LED照明とは

LED(発光ダイオード)とは

Light=光
Emitting=発する
Diode=ダイオード(一方向に電流を流す電子素子)」
のそれぞれ3つの頭文字を略したものです。電気を流すと発光する半導体素子です。

LEDの歴史

LEDの歴史は意外と古く、1960年代にはすでにGaAs(ガリウムヒ素)を使ったpn接合での発光が観測されています。その後70年代になって黄色等開発が進められました。

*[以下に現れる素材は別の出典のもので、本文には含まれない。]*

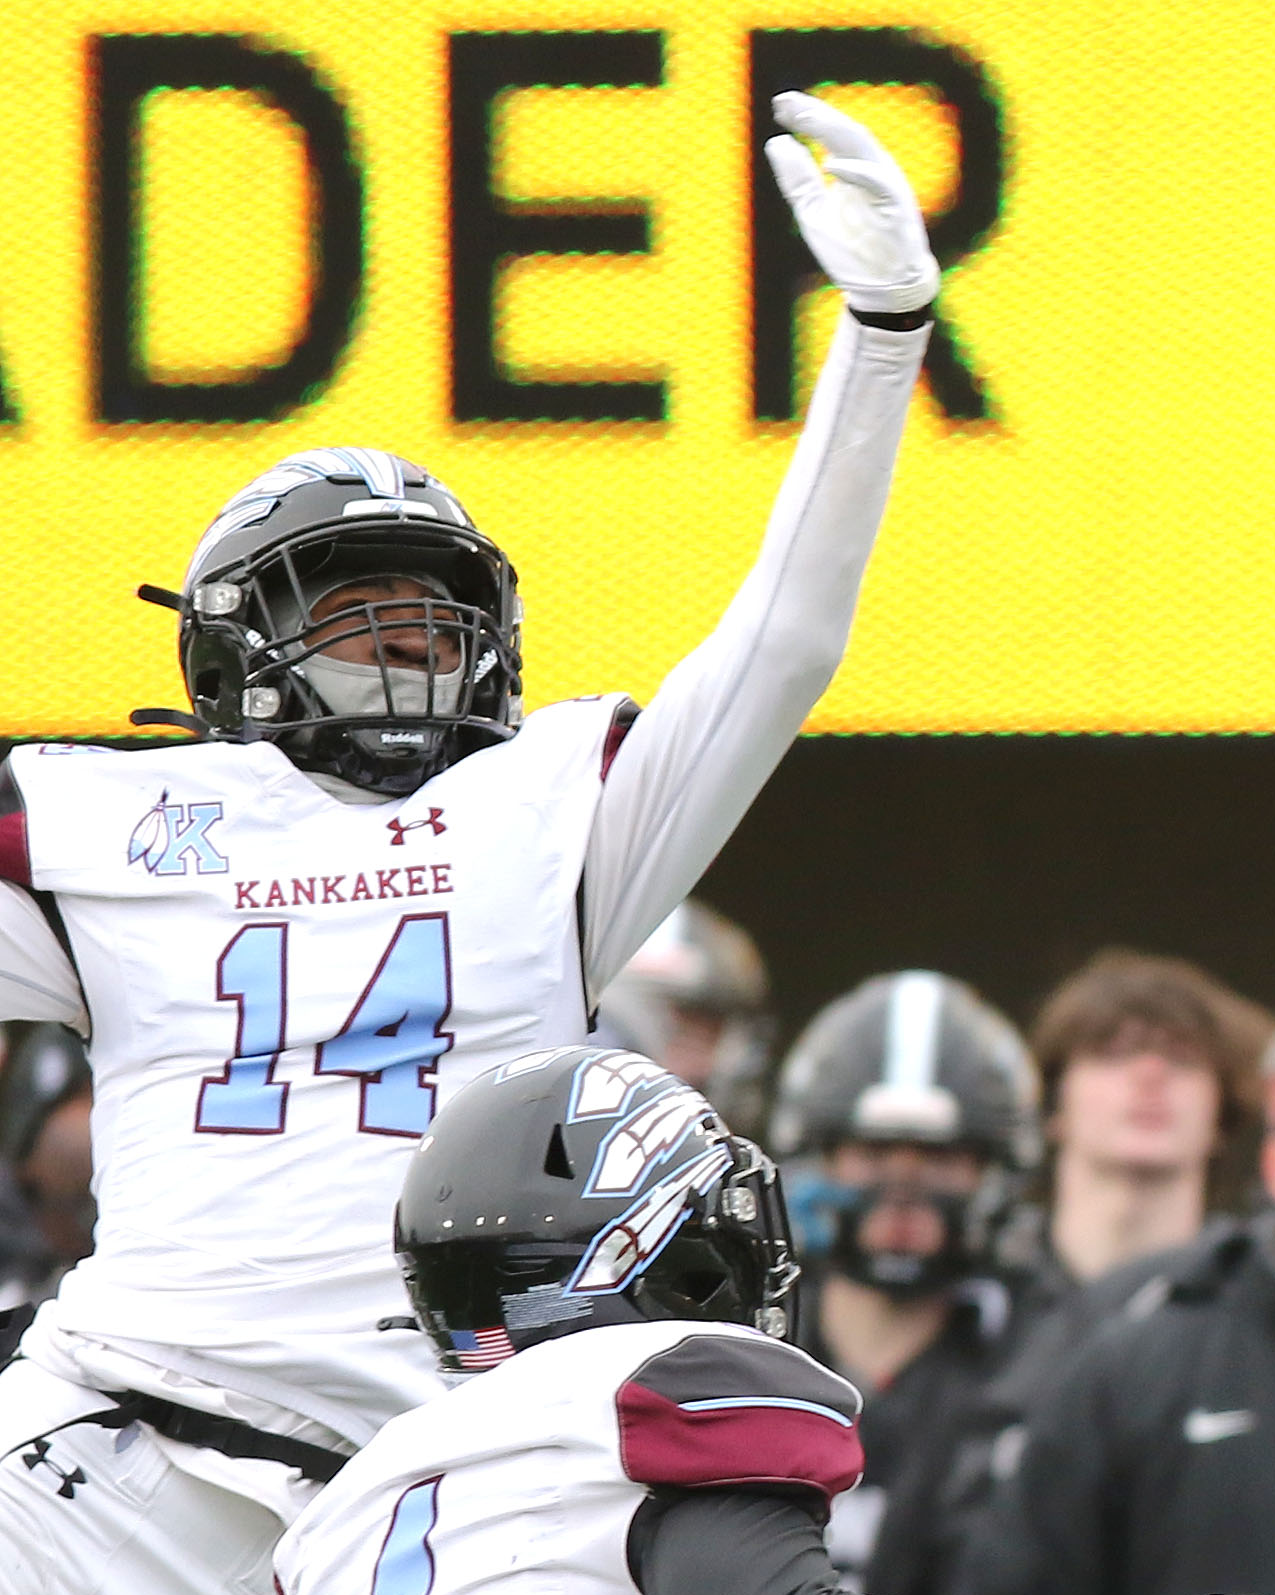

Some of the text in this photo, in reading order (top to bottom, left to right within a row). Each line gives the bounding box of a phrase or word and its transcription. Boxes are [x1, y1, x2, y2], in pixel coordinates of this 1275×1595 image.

[0, 28, 1003, 426] DER
[234, 863, 455, 910] KANKAKEE
[193, 910, 455, 1139] 14

大きく転機を迎えたのは、光の3原色で残されていた青色LEDが開発された1993年です。
1996年に青色LEDと蛍光体の組み合わせ白色LEDが開発されて、現在の製品化につながっています。

LED照明導入のメリット

1.消費電力が小さい

例えば白熱電球の場合,フィラメントに電流を流して発熱させ,白熱化させて発光しています。多くの電気エネルギーが熱として消費され,わずかな部分しか光に変換されません。
一方,LEDは効率よく電気を光に変換できるため 低消費電力で既存照明と同じ明るさを得ることができます。

(例)水銀灯400Wと同じ明るさのLED照明は、消費電力が水銀灯の約1/4程になります。

2.寿命が長い

白熱電球は点灯時にフィラメントが徐々に消耗していくため最終的には断線します。蛍光灯も電子を放出する電極が消耗していくためこれが原因で不点灯になります。 LEDはそのような消耗部分がないため長寿命です。ただしパッケージに使用する材料の劣化により徐々に光量が落ちていきます。 初期の光量の70%に落ちるまでの時間をLEDの寿命としています。白熱電球の寿命が1,000時間程度,一般的なサークル型蛍光灯が6,000~8,000時間に対し,LEDは40,000時間以上と長寿命です。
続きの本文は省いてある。